Source records:
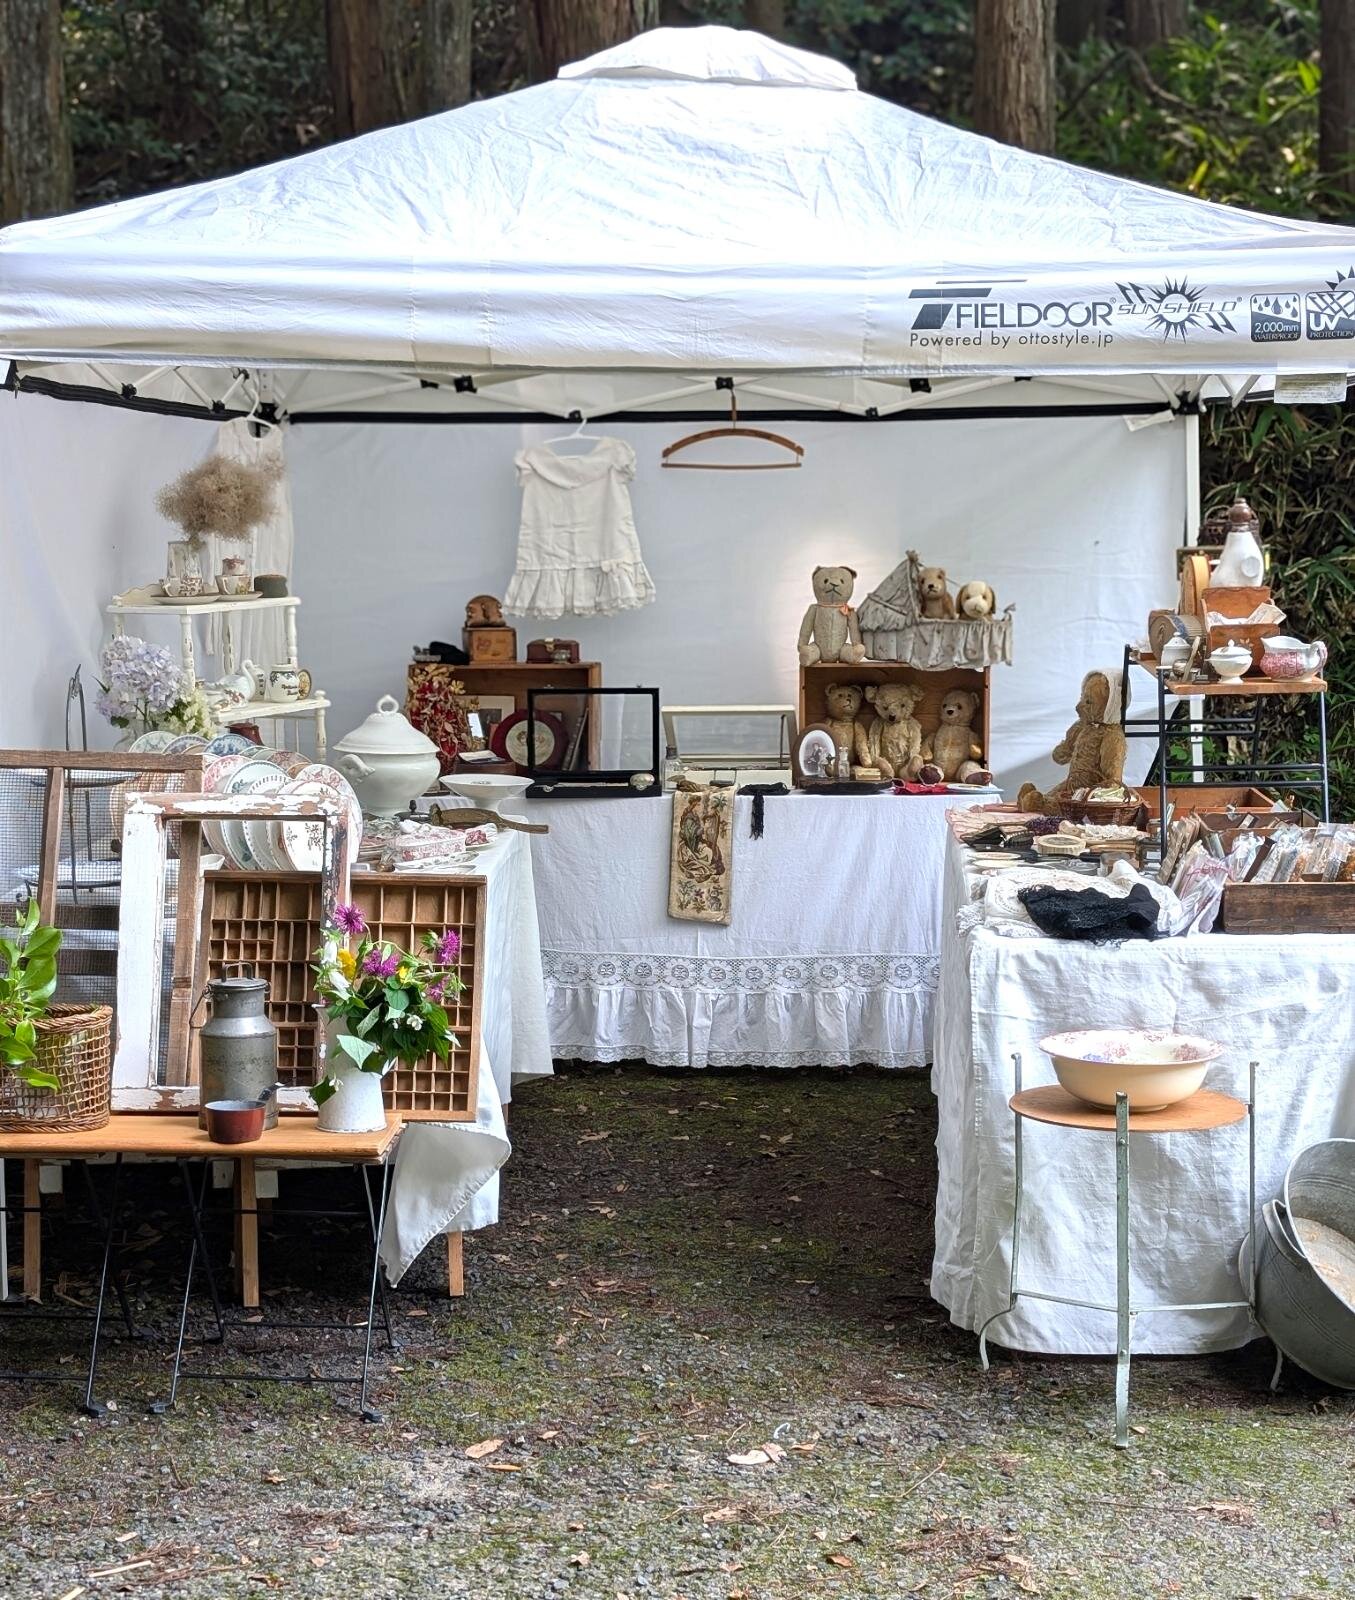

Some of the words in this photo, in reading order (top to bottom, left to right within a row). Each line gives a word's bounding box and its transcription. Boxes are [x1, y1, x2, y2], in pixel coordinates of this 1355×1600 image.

[956, 301, 1113, 328] FIELDOOR
[1310, 313, 1339, 331] UV
[910, 331, 982, 347] Powered
[991, 330, 1011, 348] by
[1019, 329, 1114, 348] ottostyle.jp
[1254, 332, 1298, 341] WATERPROOF
[1309, 330, 1354, 338] PROTECTION
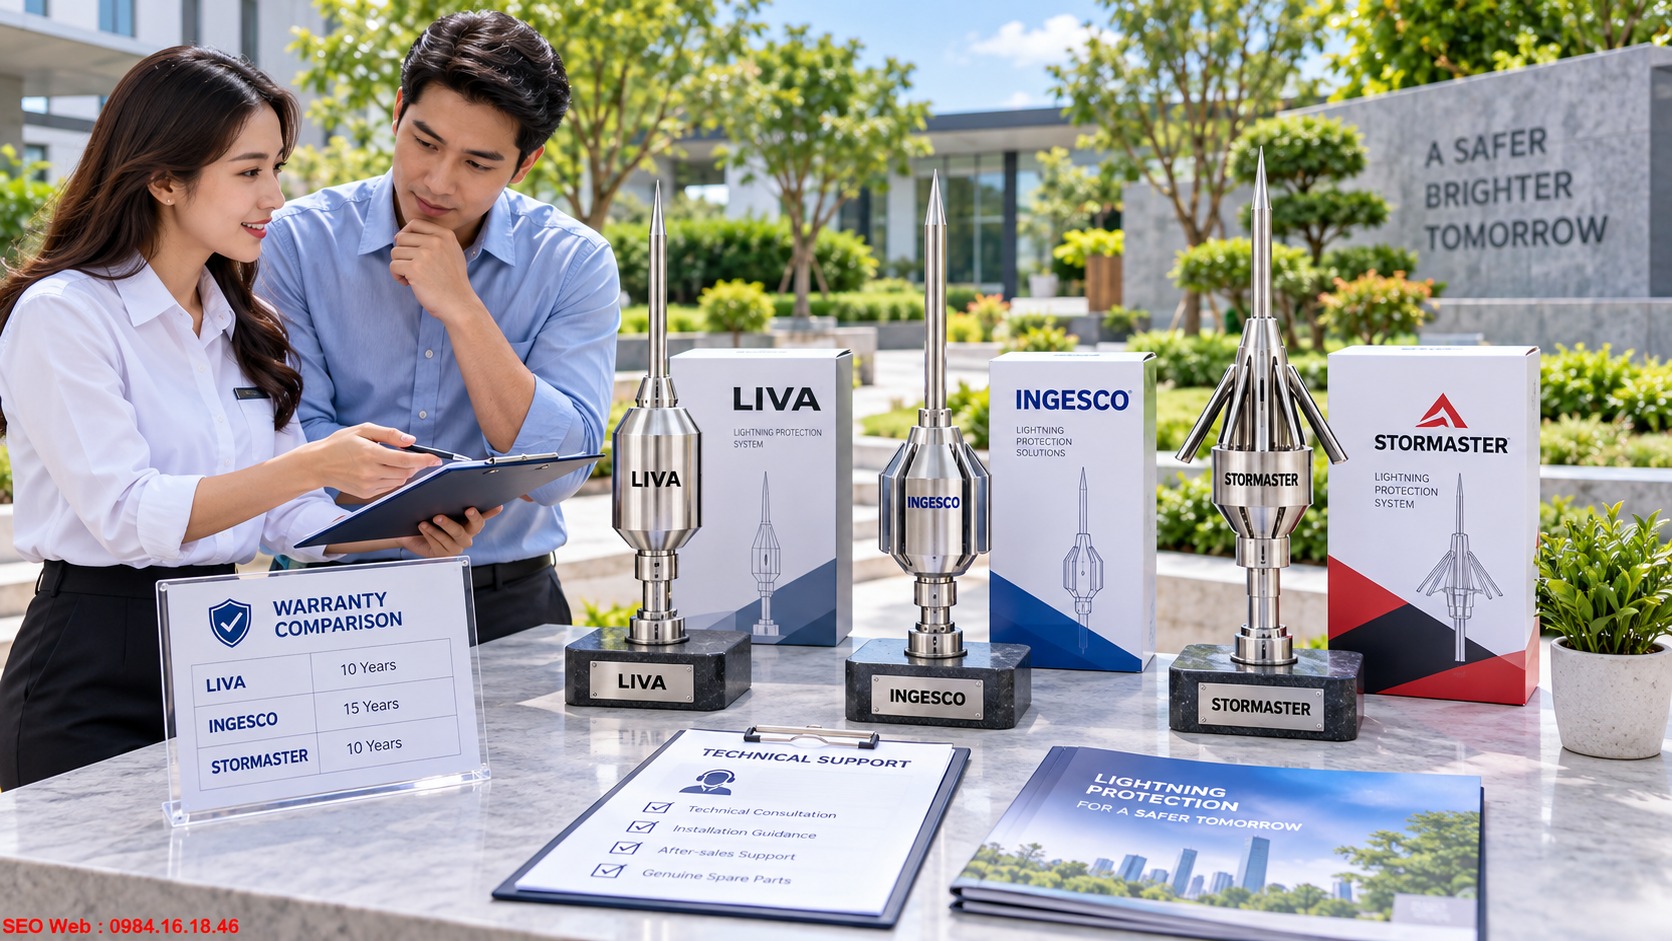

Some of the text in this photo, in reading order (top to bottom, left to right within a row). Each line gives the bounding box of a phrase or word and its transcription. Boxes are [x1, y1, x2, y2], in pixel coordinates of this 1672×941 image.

[1425, 127, 1547, 168] A SAFER
[1425, 171, 1572, 209] BRIGHTER
[1425, 215, 1608, 251] TOMORROW
[733, 386, 821, 411] LIVA
[733, 428, 822, 438] LIGHTNING PROTECTION
[1016, 426, 1064, 435] LIGHTNING
[733, 440, 764, 449] SYSTEM
[1016, 437, 1072, 446] PROTECTION
[1374, 434, 1508, 454] STORMASTER
[1016, 448, 1066, 458] SOLUTIONS
[631, 470, 681, 488] LIVA
[1224, 471, 1299, 488] STORMASTER
[1374, 472, 1430, 483] LIGHTNING
[1374, 485, 1438, 496] PROTECTION
[907, 495, 960, 510] INGESCO
[1374, 498, 1416, 509] SYSTEM
[272, 591, 388, 617] WARRANTY
[274, 611, 403, 638] COMPARISON
[205, 658, 397, 693] LIVA 10 Years
[617, 673, 667, 691] LIVA
[889, 687, 966, 707] INGESCO
[208, 697, 400, 734] INGESCO 15 Years
[1211, 697, 1311, 716] STORMASTER
[211, 736, 403, 775] STORMASTER 10 Years
[702, 747, 912, 769] TECHNICAL SUPPORT
[1093, 773, 1227, 799] LIGHTNING
[1084, 784, 1240, 813] PROTECTION
[687, 805, 837, 820] Technical Consultation
[1076, 800, 1303, 832] FOR A SAFER TOMORROW
[672, 824, 817, 840] Installation Guidance
[658, 845, 796, 862] After-sales Support
[642, 868, 792, 886] Genuine Spare Parts
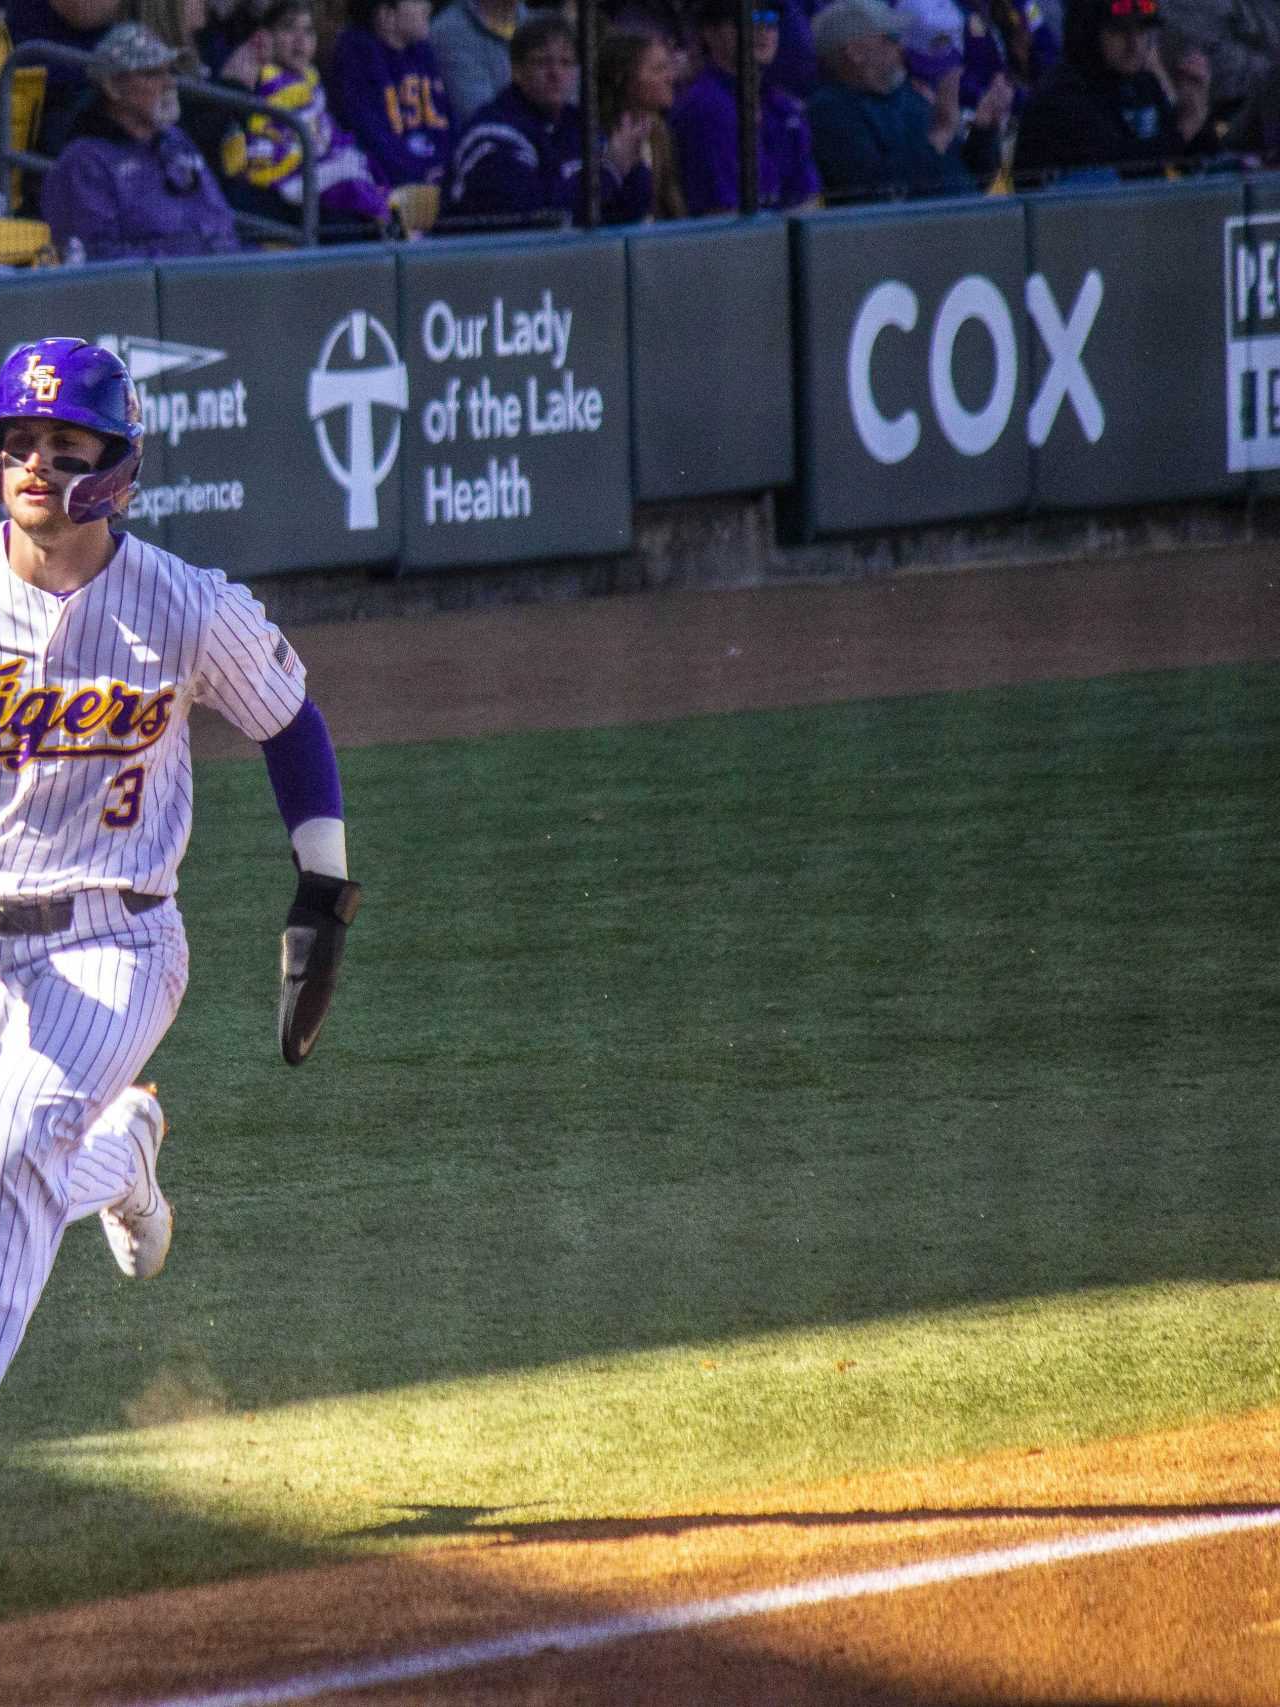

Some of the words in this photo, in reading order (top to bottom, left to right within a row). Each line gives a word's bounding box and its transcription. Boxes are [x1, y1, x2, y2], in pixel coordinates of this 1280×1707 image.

[1236, 241, 1280, 322] PE
[422, 299, 488, 362] Our
[494, 288, 573, 369] Lady
[847, 267, 1106, 465] COX
[423, 376, 461, 444] of
[470, 375, 521, 441] the
[527, 368, 604, 436] Lake
[423, 454, 532, 526] Health
[103, 763, 146, 830] 3

> [TRY IT]
Pictures don't belong in the copy. Transcribe every record exactly as it appears.

> [RESULT OF THE EXERCISE]
Some of the words in this photo, in reading order (top to bottom, left to right within a row). Each line gives a word's bounding box and its transcription. Boxes are [x1, y1, x2, y2], in pixel coordinates of this 1355×1600 image.

[956, 301, 1113, 328] FIELDOOR
[1310, 313, 1339, 331] UV
[910, 331, 982, 347] Powered
[991, 330, 1011, 348] by
[1019, 329, 1114, 348] ottostyle.jp
[1254, 332, 1298, 341] WATERPROOF
[1309, 330, 1354, 338] PROTECTION

Some of the text in this photo, in reading order (top to bottom, left to right within a row). Each line gives the bounding box of a phrase or word and its transcription. Boxes are [x1, y1, x2, y2], in pixel coordinates of this 1672×941 image.

[1425, 127, 1547, 168] A SAFER
[1425, 171, 1572, 209] BRIGHTER
[1425, 215, 1608, 251] TOMORROW
[733, 386, 821, 411] LIVA
[733, 428, 822, 438] LIGHTNING PROTECTION
[1016, 426, 1064, 435] LIGHTNING
[733, 440, 764, 449] SYSTEM
[1016, 437, 1072, 446] PROTECTION
[1374, 434, 1508, 454] STORMASTER
[1016, 448, 1066, 458] SOLUTIONS
[631, 470, 681, 488] LIVA
[1224, 471, 1299, 488] STORMASTER
[1374, 472, 1430, 483] LIGHTNING
[1374, 485, 1438, 496] PROTECTION
[907, 495, 960, 510] INGESCO
[1374, 498, 1416, 509] SYSTEM
[272, 591, 388, 617] WARRANTY
[274, 611, 403, 638] COMPARISON
[205, 658, 397, 693] LIVA 10 Years
[617, 673, 667, 691] LIVA
[889, 687, 966, 707] INGESCO
[208, 697, 400, 734] INGESCO 15 Years
[1211, 697, 1311, 716] STORMASTER
[211, 736, 403, 775] STORMASTER 10 Years
[702, 747, 912, 769] TECHNICAL SUPPORT
[1093, 773, 1227, 799] LIGHTNING
[1084, 784, 1240, 813] PROTECTION
[687, 805, 837, 820] Technical Consultation
[1076, 800, 1303, 832] FOR A SAFER TOMORROW
[672, 824, 817, 840] Installation Guidance
[658, 845, 796, 862] After-sales Support
[642, 868, 792, 886] Genuine Spare Parts

Some of the words in this photo, in reading order (top to bottom, left to right within a row). Each line gives a word's bounding box and its transcription. Boxes are [x1, y1, x2, y2], in pixel coordinates of this 1280×1707 image.

[1236, 241, 1280, 322] PE
[422, 299, 488, 362] Our
[494, 288, 573, 369] Lady
[847, 267, 1106, 465] COX
[423, 376, 461, 444] of
[470, 375, 521, 441] the
[527, 368, 604, 436] Lake
[423, 454, 532, 526] Health
[103, 763, 146, 830] 3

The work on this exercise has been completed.